━━ EXERCISE DATA ━━

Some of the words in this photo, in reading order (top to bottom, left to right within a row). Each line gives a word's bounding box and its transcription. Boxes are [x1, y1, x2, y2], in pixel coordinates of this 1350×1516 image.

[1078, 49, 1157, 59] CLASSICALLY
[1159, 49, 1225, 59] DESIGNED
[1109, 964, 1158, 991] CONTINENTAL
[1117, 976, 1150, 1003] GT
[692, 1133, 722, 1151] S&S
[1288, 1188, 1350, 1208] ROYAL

━━━

> **WHAT YOU HAVE TO DO**
Return the records in full, exactly as they read.

> **ANSWER SECTION**
Some of the words in this photo, in reading order (top to bottom, left to right within a row). Each line gives a word's bounding box and its transcription. Boxes are [x1, y1, x2, y2], in pixel coordinates of this 1350×1516 image.

[1078, 49, 1157, 59] CLASSICALLY
[1159, 49, 1225, 59] DESIGNED
[1109, 964, 1158, 991] CONTINENTAL
[1117, 976, 1150, 1003] GT
[692, 1133, 722, 1151] S&S
[1288, 1188, 1350, 1208] ROYAL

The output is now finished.